▶ **Activity**: Nothing in the records may change when you print them out again.

◆ ◆ ◆ ◆

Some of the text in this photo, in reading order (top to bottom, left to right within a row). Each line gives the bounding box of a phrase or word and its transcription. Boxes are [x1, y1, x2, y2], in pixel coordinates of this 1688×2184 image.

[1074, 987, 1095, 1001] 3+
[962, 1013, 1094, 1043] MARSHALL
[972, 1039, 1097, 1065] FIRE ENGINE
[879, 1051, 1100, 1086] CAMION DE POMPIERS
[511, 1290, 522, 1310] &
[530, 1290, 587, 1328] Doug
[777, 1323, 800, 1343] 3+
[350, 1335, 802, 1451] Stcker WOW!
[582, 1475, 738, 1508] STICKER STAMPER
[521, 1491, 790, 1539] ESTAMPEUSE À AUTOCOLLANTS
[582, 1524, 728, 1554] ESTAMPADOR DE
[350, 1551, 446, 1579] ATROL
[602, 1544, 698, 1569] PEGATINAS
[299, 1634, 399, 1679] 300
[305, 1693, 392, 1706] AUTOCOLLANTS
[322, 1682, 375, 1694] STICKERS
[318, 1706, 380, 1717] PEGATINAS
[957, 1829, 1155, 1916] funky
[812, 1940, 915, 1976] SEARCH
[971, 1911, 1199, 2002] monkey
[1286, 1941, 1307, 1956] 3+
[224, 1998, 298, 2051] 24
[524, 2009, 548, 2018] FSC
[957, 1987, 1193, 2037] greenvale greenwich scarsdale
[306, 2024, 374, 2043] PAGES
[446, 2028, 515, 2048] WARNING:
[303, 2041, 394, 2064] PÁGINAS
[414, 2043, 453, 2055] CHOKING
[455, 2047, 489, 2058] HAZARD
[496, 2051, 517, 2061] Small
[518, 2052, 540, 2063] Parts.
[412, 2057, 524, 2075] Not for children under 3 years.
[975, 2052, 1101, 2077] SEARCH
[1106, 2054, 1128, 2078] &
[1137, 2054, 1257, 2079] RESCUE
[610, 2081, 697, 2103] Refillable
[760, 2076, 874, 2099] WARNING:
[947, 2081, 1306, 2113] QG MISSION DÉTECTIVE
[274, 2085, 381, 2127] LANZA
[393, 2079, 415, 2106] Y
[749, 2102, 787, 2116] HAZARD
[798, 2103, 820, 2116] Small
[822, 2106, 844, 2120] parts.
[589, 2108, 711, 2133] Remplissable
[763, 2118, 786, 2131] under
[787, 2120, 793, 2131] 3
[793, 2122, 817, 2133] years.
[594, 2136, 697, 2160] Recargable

◆ ◆ ◆ ◆

▶ **Response to this exercise**:
Some of the text in this photo, in reading order (top to bottom, left to right within a row). Each line gives the bounding box of a phrase or word and its transcription. Boxes are [x1, y1, x2, y2], in pixel coordinates of this 1688×2184 image.

[1074, 987, 1095, 1001] 3+
[962, 1013, 1094, 1043] MARSHALL
[972, 1039, 1097, 1065] FIRE ENGINE
[879, 1051, 1100, 1086] CAMION DE POMPIERS
[511, 1290, 522, 1310] &
[530, 1290, 587, 1328] Doug
[777, 1323, 800, 1343] 3+
[350, 1335, 802, 1451] Stcker WOW!
[582, 1475, 738, 1508] STICKER STAMPER
[521, 1491, 790, 1539] ESTAMPEUSE À AUTOCOLLANTS
[582, 1524, 728, 1554] ESTAMPADOR DE
[350, 1551, 446, 1579] ATROL
[602, 1544, 698, 1569] PEGATINAS
[299, 1634, 399, 1679] 300
[305, 1693, 392, 1706] AUTOCOLLANTS
[322, 1682, 375, 1694] STICKERS
[318, 1706, 380, 1717] PEGATINAS
[957, 1829, 1155, 1916] funky
[812, 1940, 915, 1976] SEARCH
[971, 1911, 1199, 2002] monkey
[1286, 1941, 1307, 1956] 3+
[224, 1998, 298, 2051] 24
[524, 2009, 548, 2018] FSC
[957, 1987, 1193, 2037] greenvale greenwich scarsdale
[306, 2024, 374, 2043] PAGES
[446, 2028, 515, 2048] WARNING:
[303, 2041, 394, 2064] PÁGINAS
[414, 2043, 453, 2055] CHOKING
[455, 2047, 489, 2058] HAZARD
[496, 2051, 517, 2061] Small
[518, 2052, 540, 2063] Parts.
[412, 2057, 524, 2075] Not for children under 3 years.
[975, 2052, 1101, 2077] SEARCH
[1106, 2054, 1128, 2078] &
[1137, 2054, 1257, 2079] RESCUE
[610, 2081, 697, 2103] Refillable
[760, 2076, 874, 2099] WARNING:
[947, 2081, 1306, 2113] QG MISSION DÉTECTIVE
[274, 2085, 381, 2127] LANZA
[393, 2079, 415, 2106] Y
[749, 2102, 787, 2116] HAZARD
[798, 2103, 820, 2116] Small
[822, 2106, 844, 2120] parts.
[589, 2108, 711, 2133] Remplissable
[763, 2118, 786, 2131] under
[787, 2120, 793, 2131] 3
[793, 2122, 817, 2133] years.
[594, 2136, 697, 2160] Recargable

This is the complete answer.